We probably had the place to ourselves, except for the guy I thought at first was a security guard who wanted to tell us something about the palace. But then he did not leave and provided running commentary.
Palazzo Venizia (1455-67) was built for the Venetian cardinal Pietro Barbo, later called Pope Paul II. He continued to reside in it after election to the papacy. They used travertine from the Coliseo (Coliseum) and the Teatro de Marcellus. Pope Pius IV gave the building to the Republic of Venice, thus giving the palace its name (Venezia is Venice in Italian). In 1797 it became the embassy of Austria to the Holy See.
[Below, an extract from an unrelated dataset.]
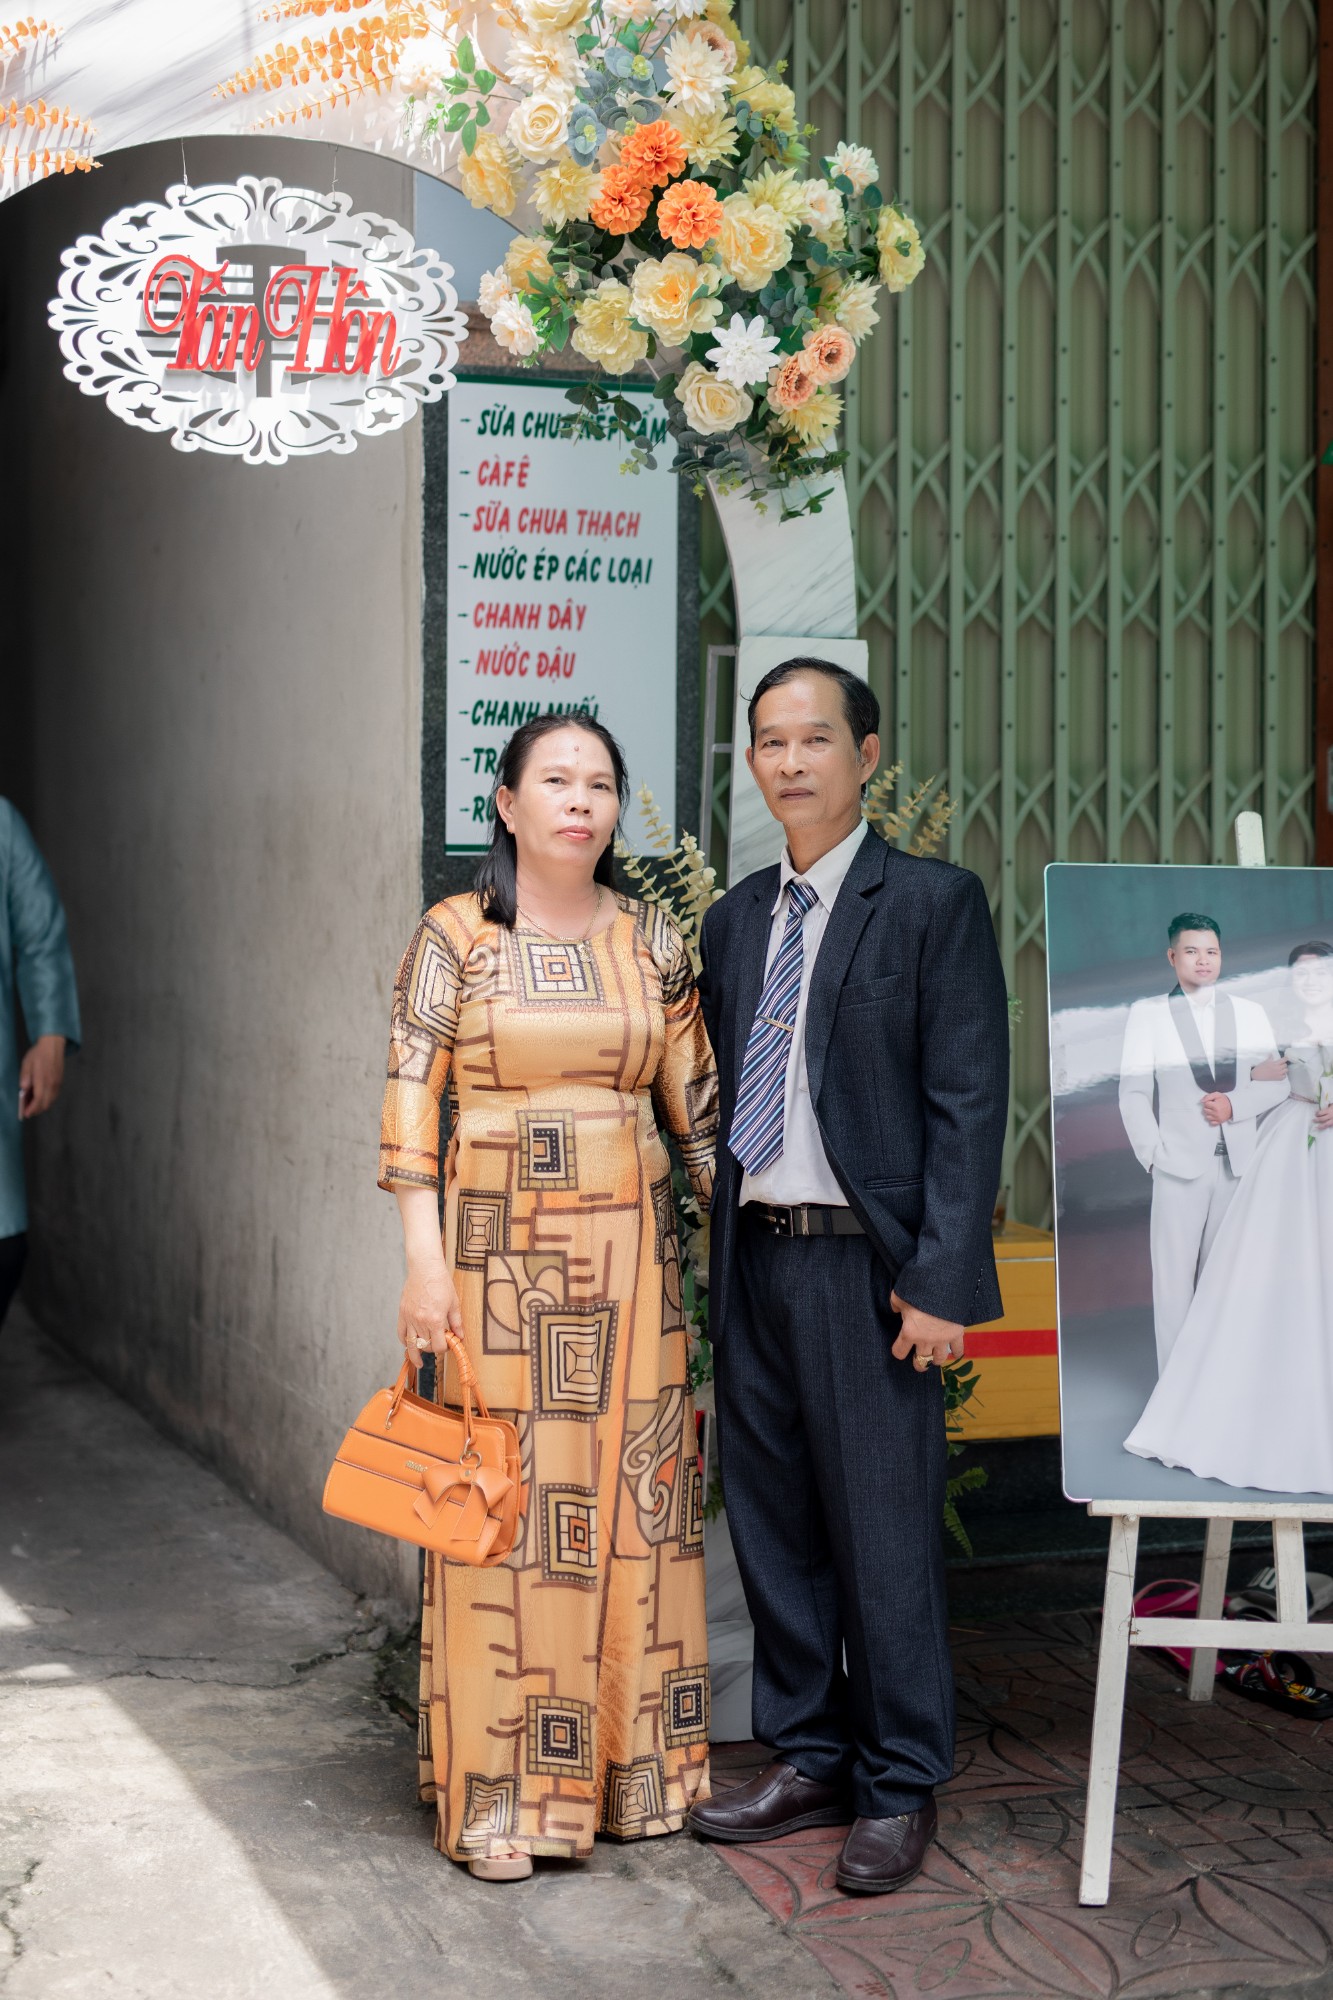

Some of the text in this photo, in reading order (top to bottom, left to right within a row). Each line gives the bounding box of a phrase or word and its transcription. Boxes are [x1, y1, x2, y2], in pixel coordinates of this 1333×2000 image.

In 1929 Mussolini chose it as his headquarters and it is from the huge room decorated with chiaroscuro columns that he gave the speech from the tiny balcony seen in newsreels in which his smug expression and macho strutting are clearly visible.
There is a library of archaeology and the history of art used by scholars from around the world.
Aside from large chambers of state and the tranquil papal garden, the museum houses terracotta sculptures by Bernini, a huge ceramics collection gifted to Mussolini, numerous portraits and other paintings, including one that I believe to be a good example of the style later perfected by Caravaggio.